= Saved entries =
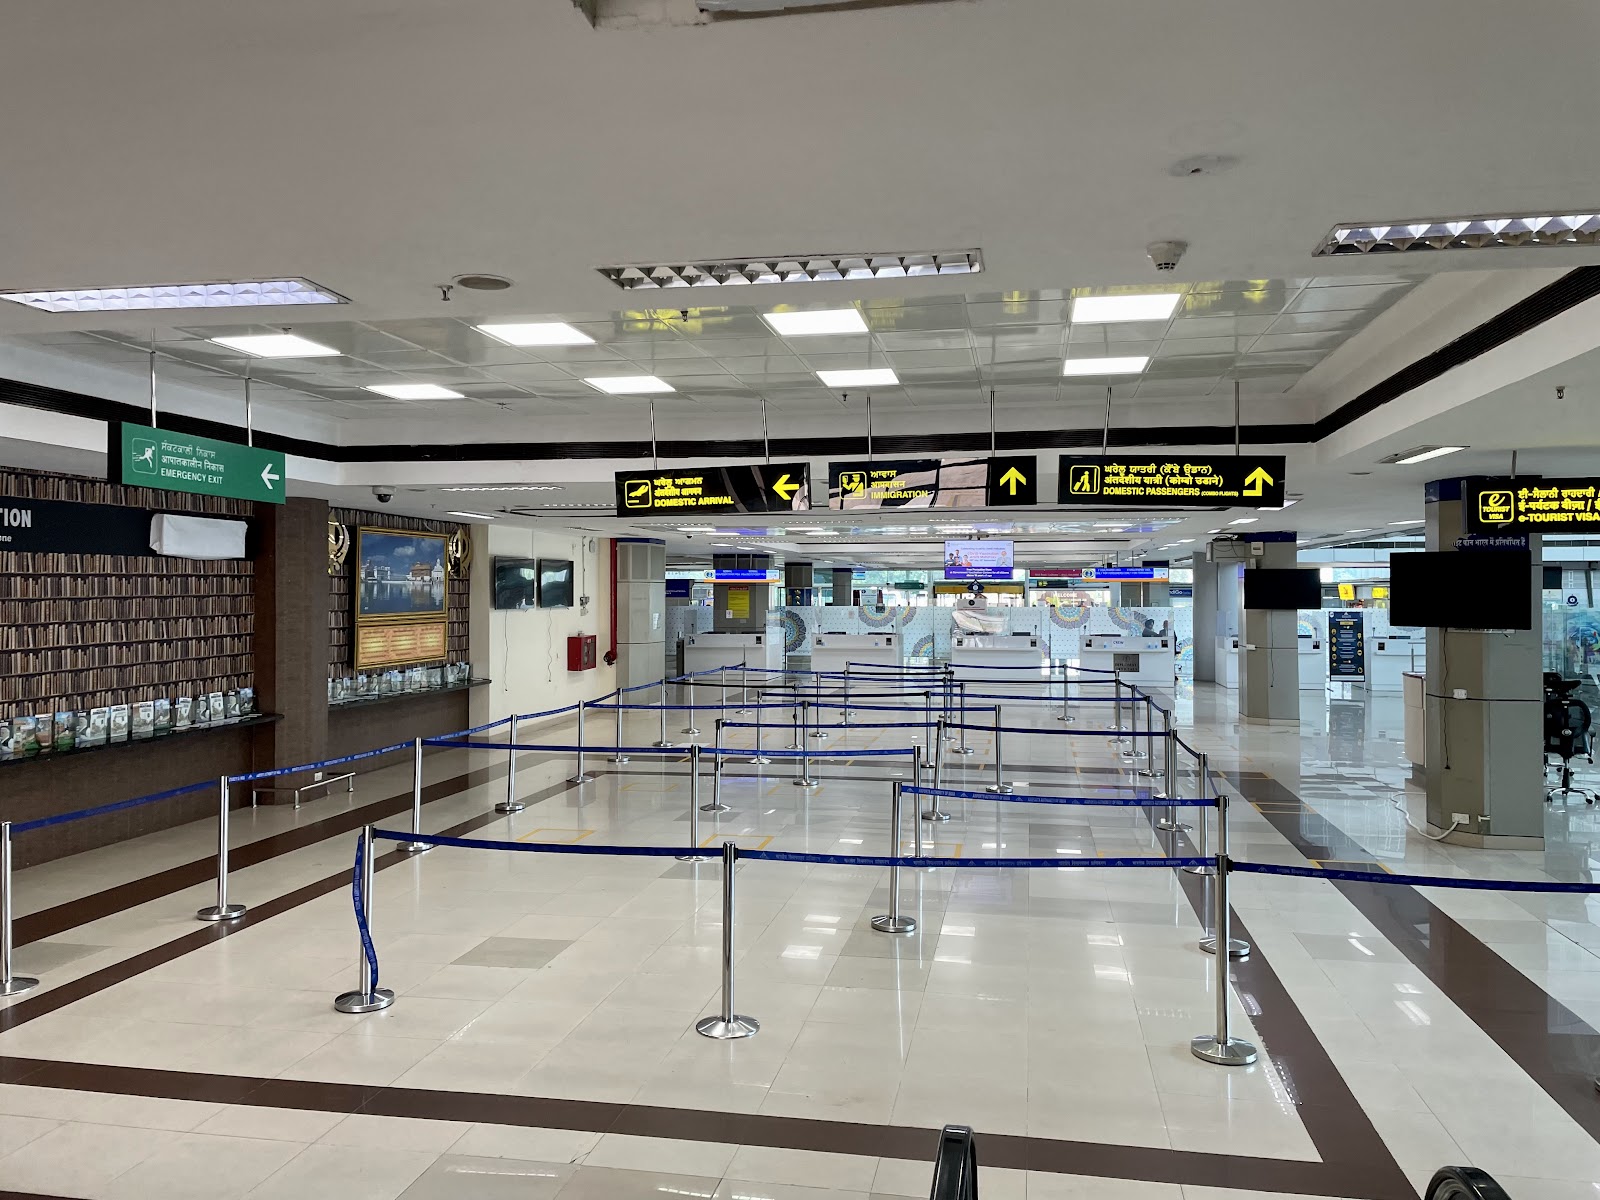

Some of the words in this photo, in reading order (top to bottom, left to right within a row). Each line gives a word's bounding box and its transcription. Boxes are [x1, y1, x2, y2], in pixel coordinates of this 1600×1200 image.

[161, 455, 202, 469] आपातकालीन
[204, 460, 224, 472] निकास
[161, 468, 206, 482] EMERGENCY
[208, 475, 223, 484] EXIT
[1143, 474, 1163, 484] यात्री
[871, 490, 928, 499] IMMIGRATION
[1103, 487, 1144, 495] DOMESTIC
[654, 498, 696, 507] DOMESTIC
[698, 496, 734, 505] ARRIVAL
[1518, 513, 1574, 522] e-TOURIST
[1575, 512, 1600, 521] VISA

= Problem details =
Each entry, start to finish, goes into your copy exactly; the pictures stay out.

= Solution to this exercise =
Some of the words in this photo, in reading order (top to bottom, left to right within a row). Each line gives a word's bounding box and its transcription. Boxes are [x1, y1, x2, y2], in pixel coordinates of this 1600×1200 image.

[161, 455, 202, 469] आपातकालीन
[204, 460, 224, 472] निकास
[161, 468, 206, 482] EMERGENCY
[208, 475, 223, 484] EXIT
[1143, 474, 1163, 484] यात्री
[871, 490, 928, 499] IMMIGRATION
[1103, 487, 1144, 495] DOMESTIC
[654, 498, 696, 507] DOMESTIC
[698, 496, 734, 505] ARRIVAL
[1518, 513, 1574, 522] e-TOURIST
[1575, 512, 1600, 521] VISA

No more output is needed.